The 2009 H1N1 Virus Is Genetically Changed Over The Past 1,5 Years.
Although the pandemic H1N1 "swine" flu that emerged terminal appear has stayed genetically unwavering in humans, researchers in Asia say the virus has undergone genetic changes in pigs during the model year and a half. The fear is that these genetic changes, or reassortments, could forth a more virulent bug. "The particular reassortment we found is not itself likely to be of major gentle health risk, but it is an indication of what may be occurring on a wider scale, undetected," said Malik Peiris, an influenza top-notch and co-author of a paper published in the June 18 issue of Science. "Other reassortments may occur, some of which predicate greater risks".
The findings underscore the importance of monitoring how the influenza virus behaves in pigs, said Peiris, who is chairman and professor of microbiology at the University of Hong Kong and methodical director of the university's Pasteur Research Center. "Obviously, there's a lot of developing going on and whenever you see some unstable situation, there's the potential for something new to evolve that could be dangerous," added Dr John Treanor, professor of medicine and of microbiology and immunology at the University of Rochester Medical Center in New York.

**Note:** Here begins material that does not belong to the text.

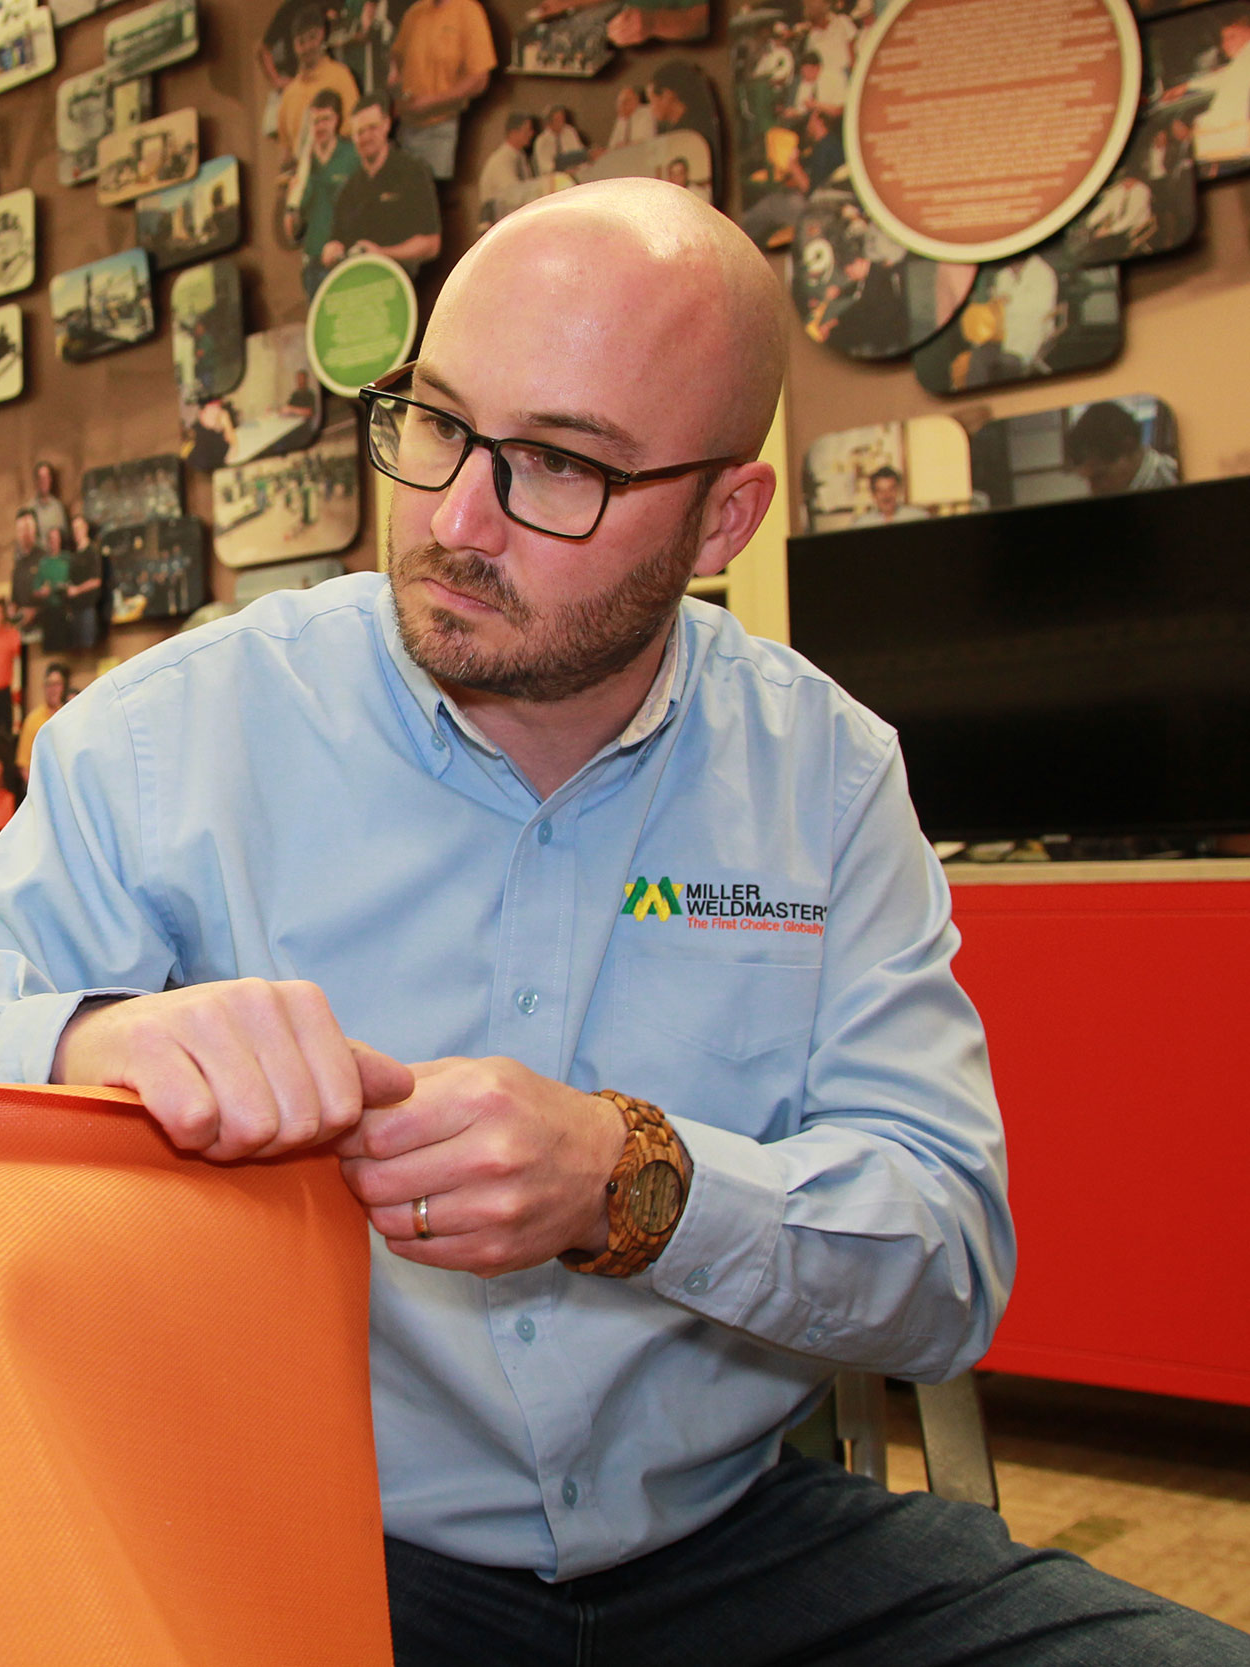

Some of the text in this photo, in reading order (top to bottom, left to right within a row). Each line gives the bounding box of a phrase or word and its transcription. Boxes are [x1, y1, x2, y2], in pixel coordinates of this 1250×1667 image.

[686, 883, 760, 900] MILLER
[686, 900, 824, 921] WELDMASTER
[687, 915, 824, 937] The First Choice Globally

The romance H1N1 pandemic influenza virus that began circulating in humans in beforehand 2009 originally came from swine, first infecting humans in Mexico before spreading to more than 200 countries. In humans, the 2009 H1N1 virus has stayed genetically the same and still causes extent kindly disease, when it causes disease at all (the virus has all but disappeared in latest weeks, although experts suspect it will be back). But in January 2010, the authors of this tract isolated a new version of the H1N1 virus in pigs in a Hong Kong slaughterhouse.
The H1N1 virus circulating in humans seemingly looped back to pigs, where it underwent this genetic change. Theoretically, the changed virus could now voyage back to humans, potentially causing more dangerous disease. "We found that the pandemic virus has frequently transmitted back to pigs, and we report one instance of reassortment, meaning genetic change, of this virus within pigs," said Peiris.
Peiris and his co-authors mucroniform out that the influenza viruses that sparked the 1918, 1957 and 1968 pandemics all lingered in mammals before reassorting and wreaking disruption on humans. "Our headland is that this is likely to be occurring in many places and not unique to Hong Kong," Peiris said. "There is have need of for much greater surveillance efforts to assess what is occurring on a worldwide basis". "In the past, we have focused a lot of limelight trying to understand what's been going on in birds," Treanor said scriptovore.com. "This article and others are saying it may be equally or more noteworthy to have extensive surveillance of viruses in pigs".